Exercise details: Make an exact copy of the records, with the images left out.

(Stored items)
━━━━━━━━━━
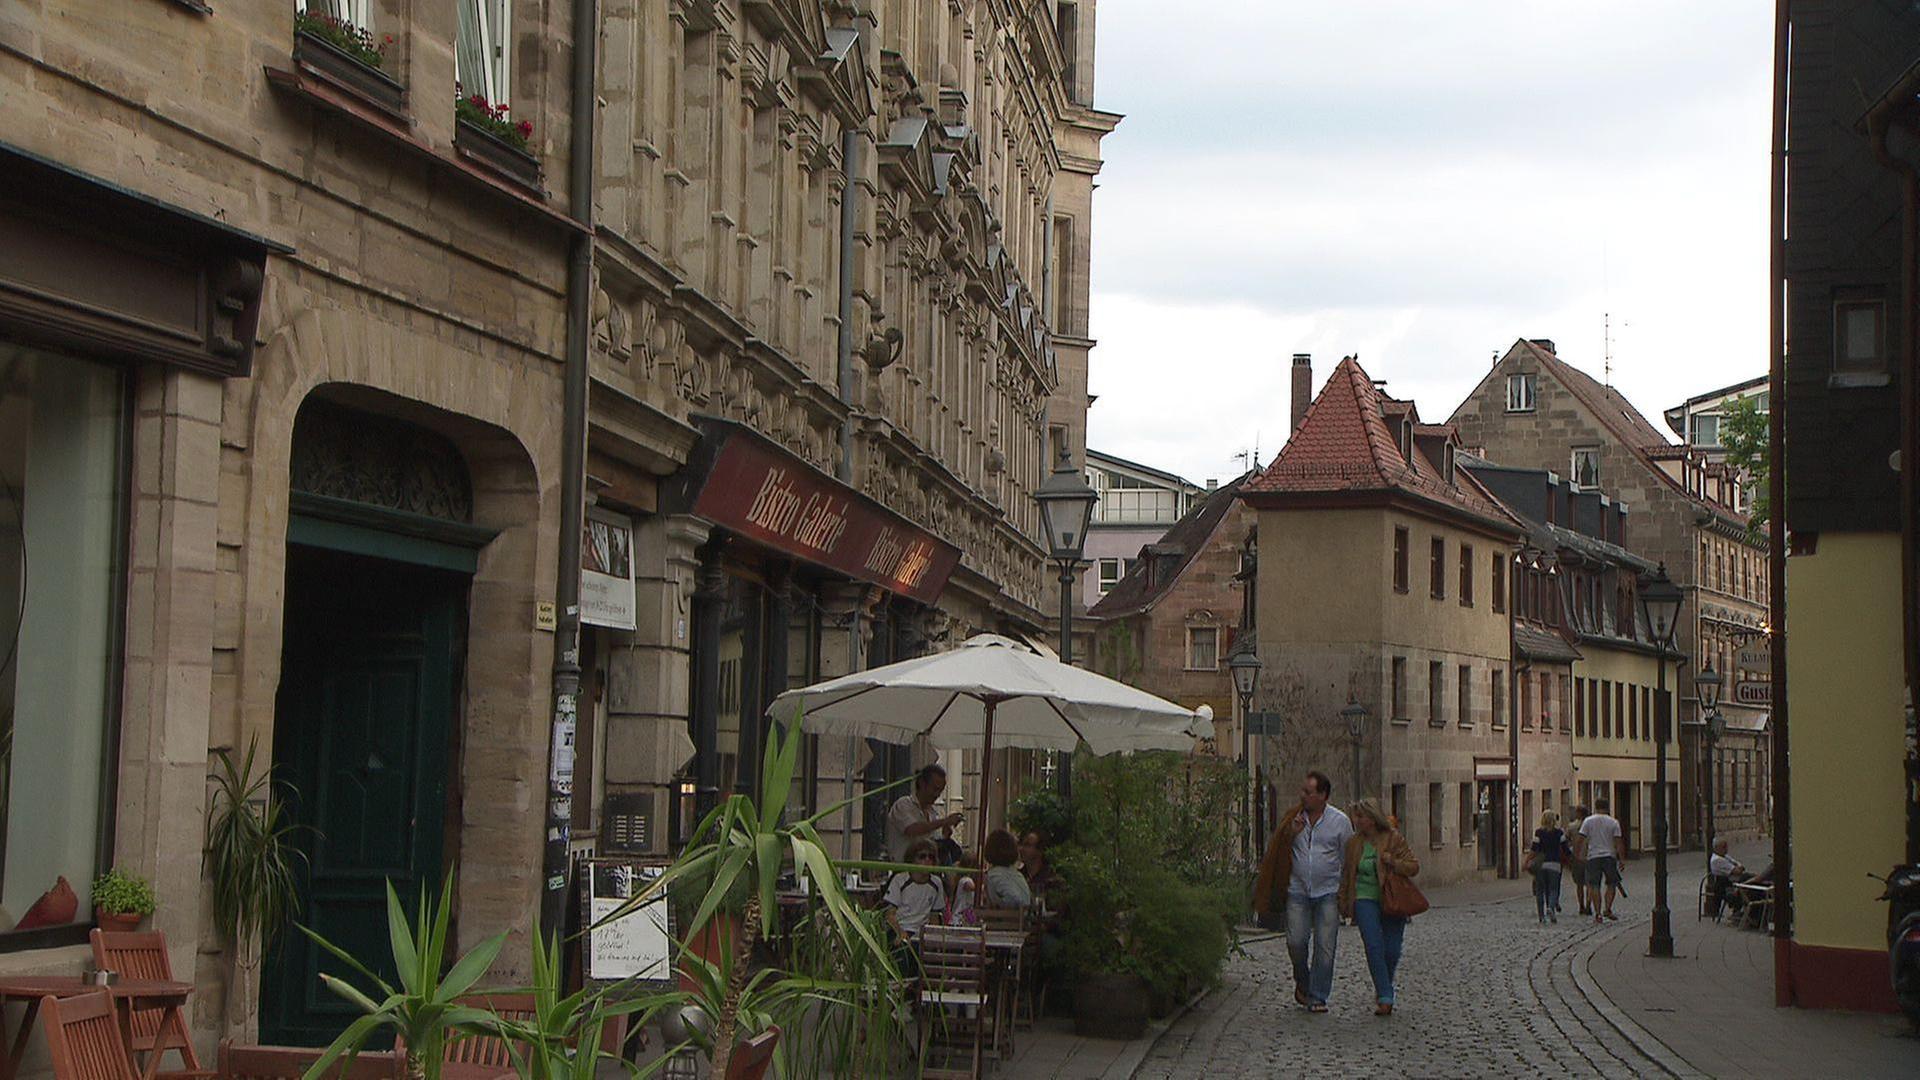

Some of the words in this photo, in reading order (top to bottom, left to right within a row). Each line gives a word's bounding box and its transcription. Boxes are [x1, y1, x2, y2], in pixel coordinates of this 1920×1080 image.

[745, 467, 800, 535] Bistro
[794, 491, 849, 553] Galerie
[863, 526, 903, 575] Bistro
[893, 538, 934, 588] Galerie
[1741, 652, 1770, 663] KULM
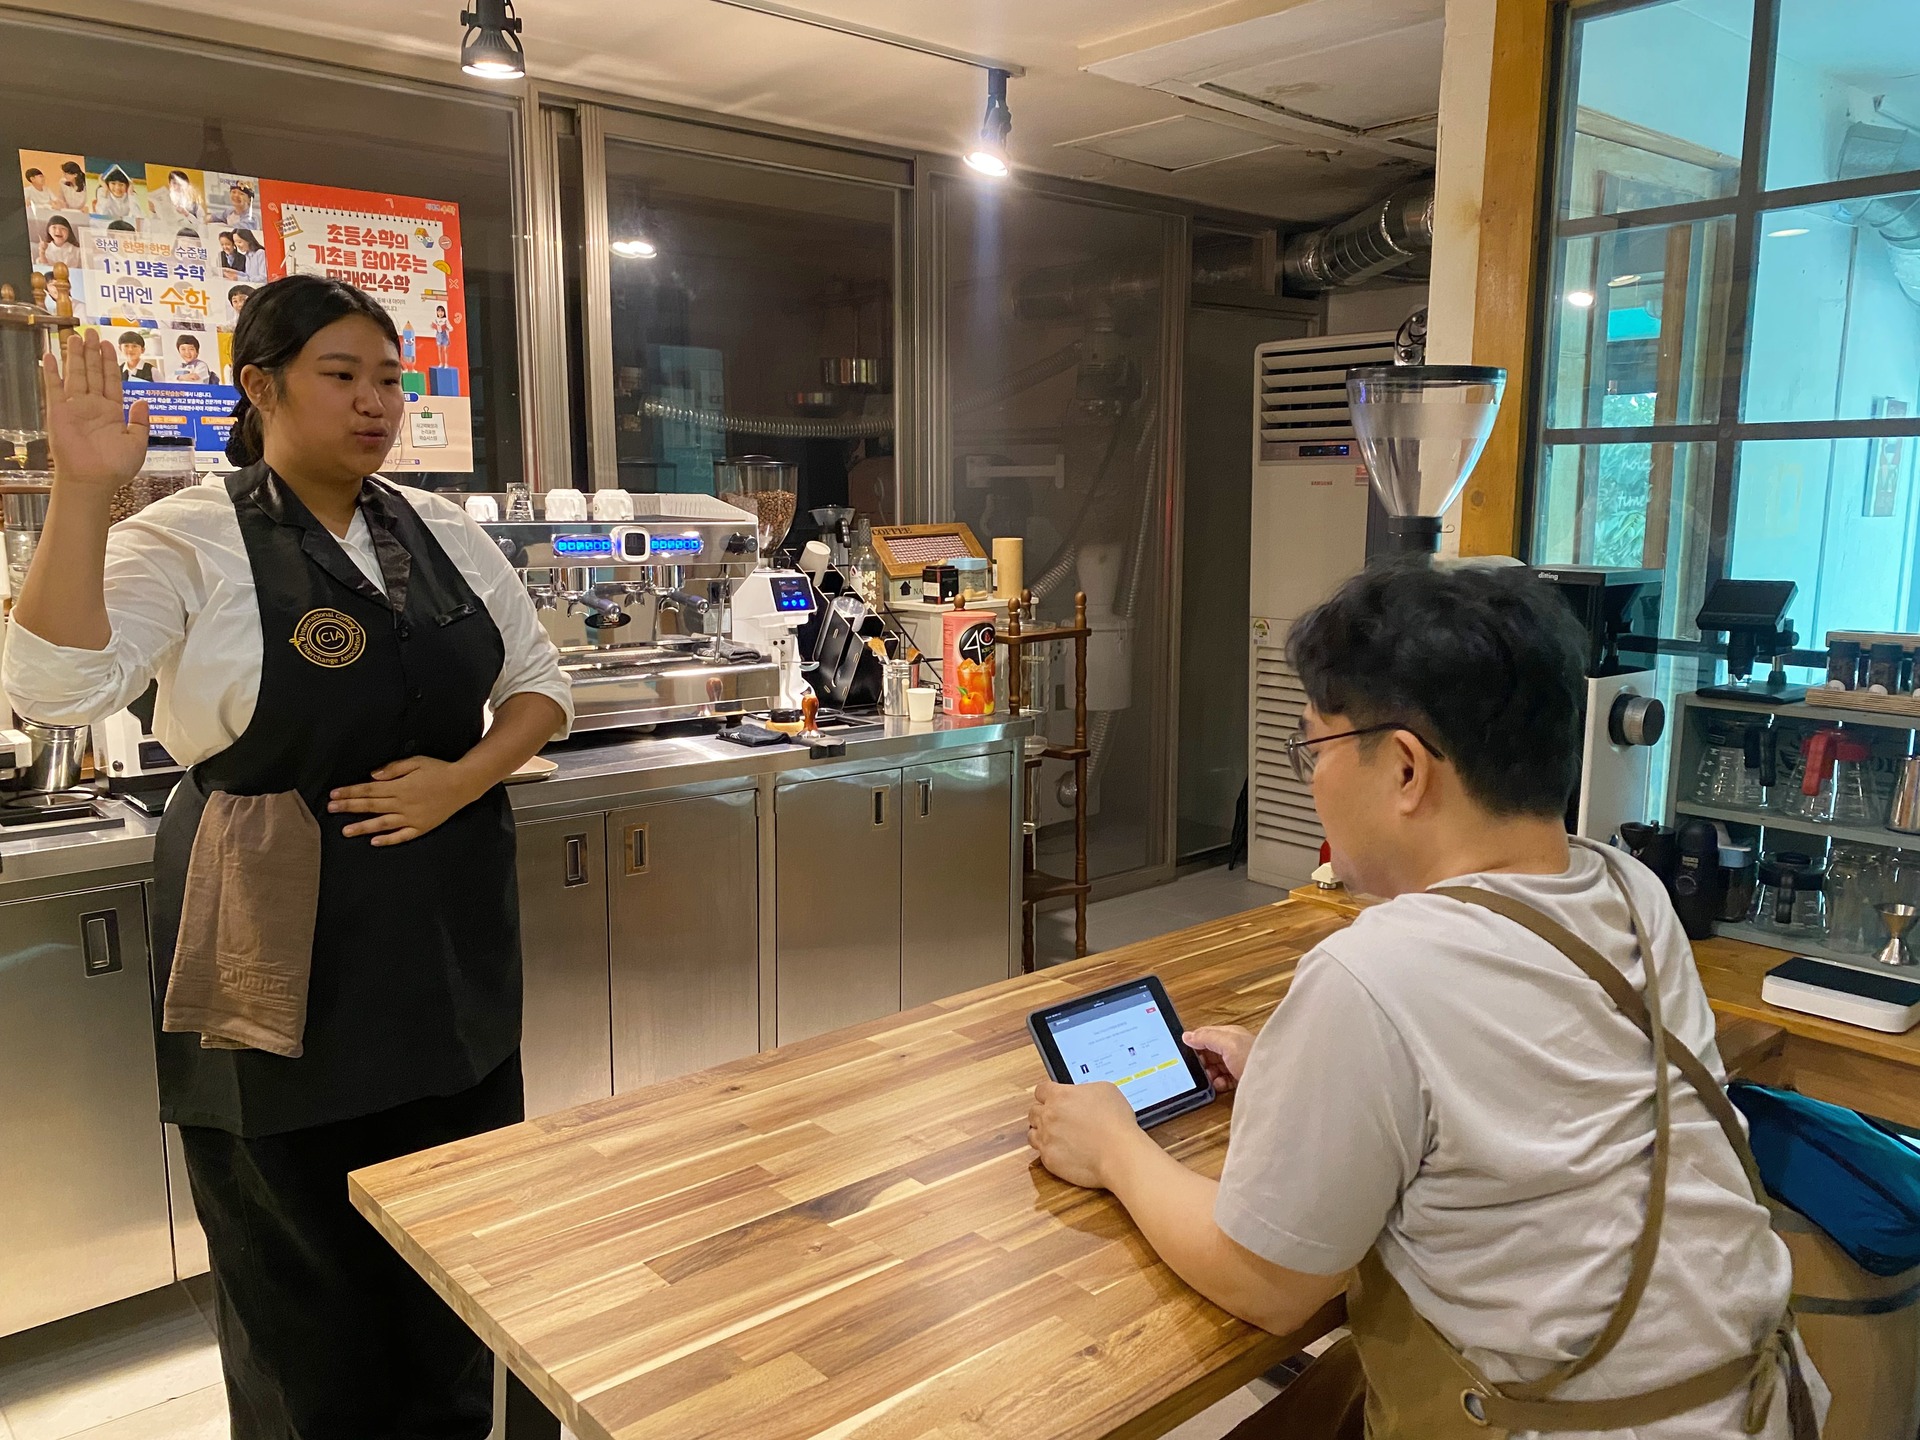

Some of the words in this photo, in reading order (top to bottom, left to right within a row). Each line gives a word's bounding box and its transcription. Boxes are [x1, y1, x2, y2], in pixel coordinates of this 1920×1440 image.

[327, 223, 409, 249] 초등수학의
[96, 238, 118, 253] 학생
[122, 240, 145, 254] 한명
[149, 242, 171, 256] 한명
[175, 245, 207, 260] 수준별
[308, 244, 357, 267] 기초를
[361, 249, 428, 274] 잡아주는
[173, 264, 205, 281] 수학
[100, 285, 153, 304] 미래엔
[159, 287, 210, 316] 수학
[872, 527, 912, 535] COFFEE
[299, 612, 334, 636] International
[335, 613, 356, 628] Coffee
[321, 630, 344, 642] CIA
[301, 643, 339, 664] Interchange
[340, 635, 361, 662] Association
[963, 627, 993, 663] 4C
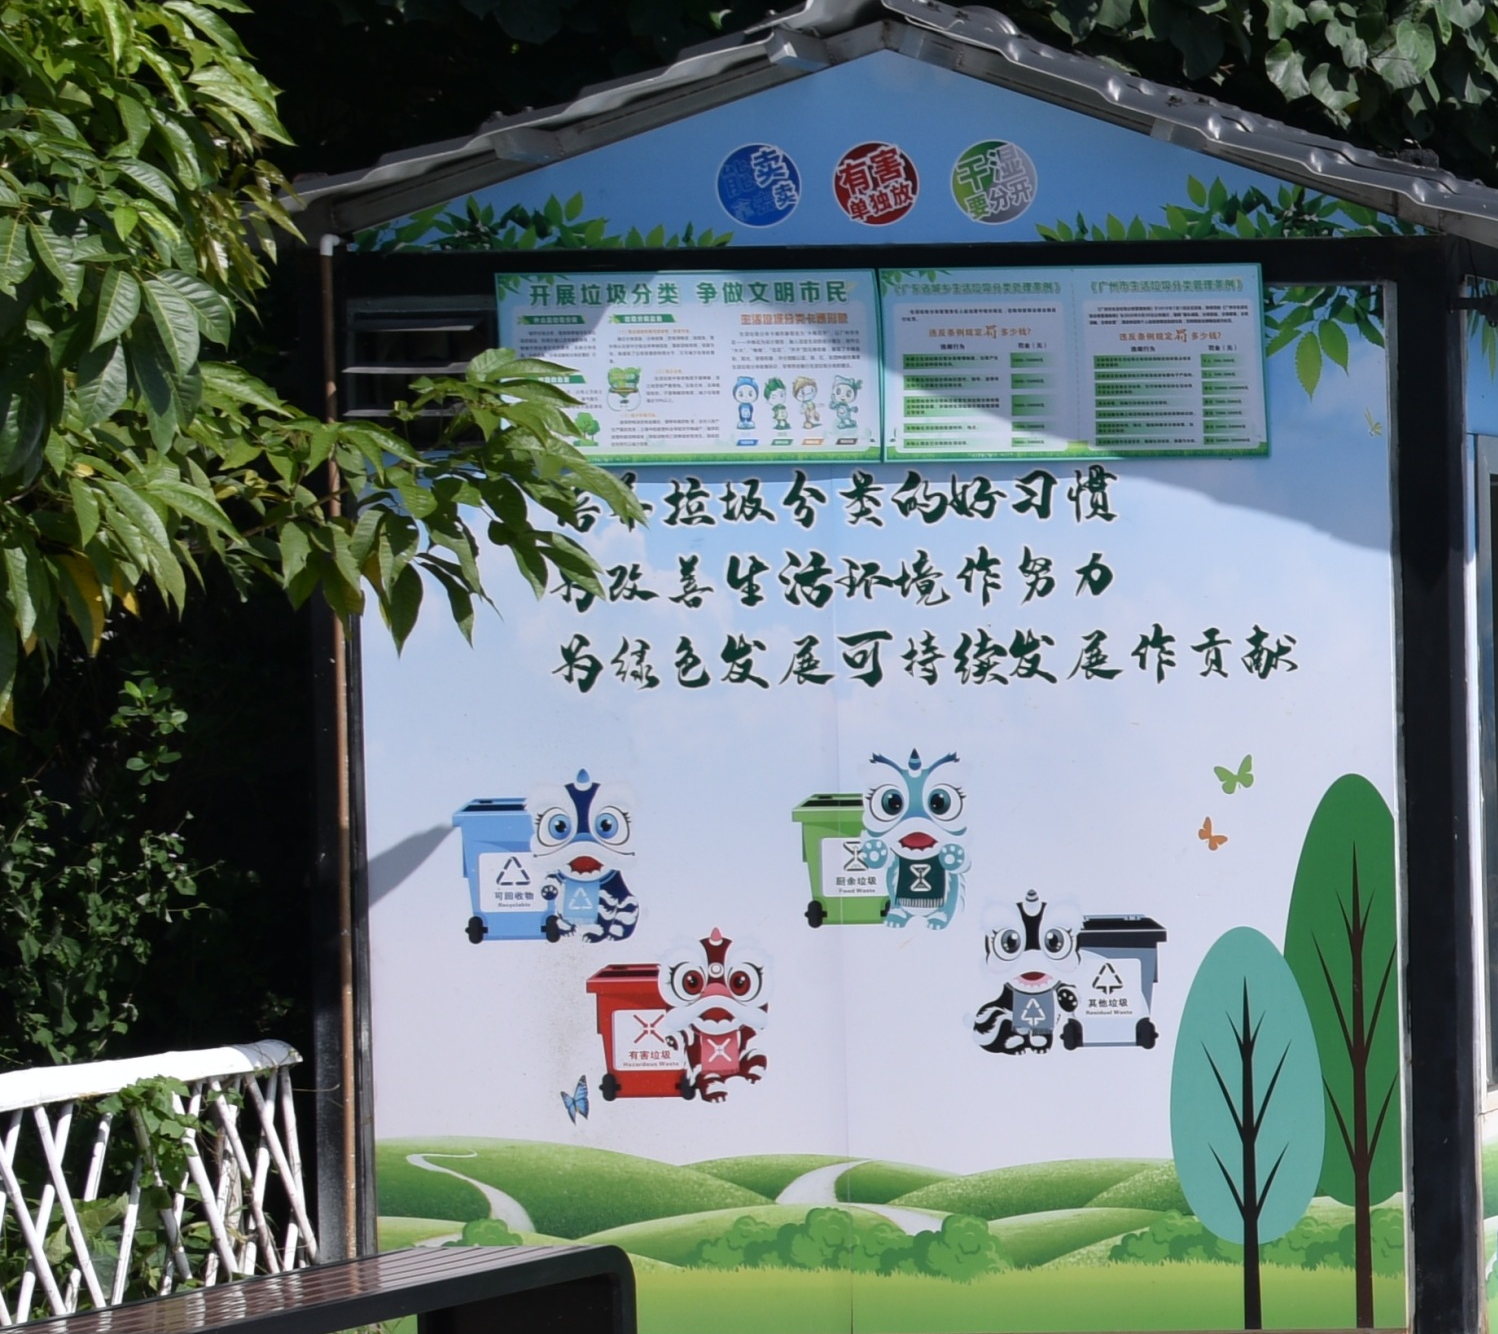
━━━━━━━━━━
Solved problem:
Some of the words in this photo, in reading order (top to bottom, left to right within a row). Each line gives a word's bounding box and its transcription. Boxes are [x1, y1, x2, y2], in pixel coordinates of this 1920×1080 image.

[745, 467, 800, 535] Bistro
[794, 491, 849, 553] Galerie
[863, 526, 903, 575] Bistro
[893, 538, 934, 588] Galerie
[1741, 652, 1770, 663] KULM

Some of the words in this photo, in reading order (top to bottom, left to right within a row). Each line gives a word's bounding box and its transcription. Boxes are [x1, y1, x2, y2], in pixel coordinates of this 1920×1440 image.

[327, 223, 409, 249] 초등수학의
[96, 238, 118, 253] 학생
[122, 240, 145, 254] 한명
[149, 242, 171, 256] 한명
[175, 245, 207, 260] 수준별
[308, 244, 357, 267] 기초를
[361, 249, 428, 274] 잡아주는
[173, 264, 205, 281] 수학
[100, 285, 153, 304] 미래엔
[159, 287, 210, 316] 수학
[872, 527, 912, 535] COFFEE
[299, 612, 334, 636] International
[335, 613, 356, 628] Coffee
[321, 630, 344, 642] CIA
[301, 643, 339, 664] Interchange
[340, 635, 361, 662] Association
[963, 627, 993, 663] 4C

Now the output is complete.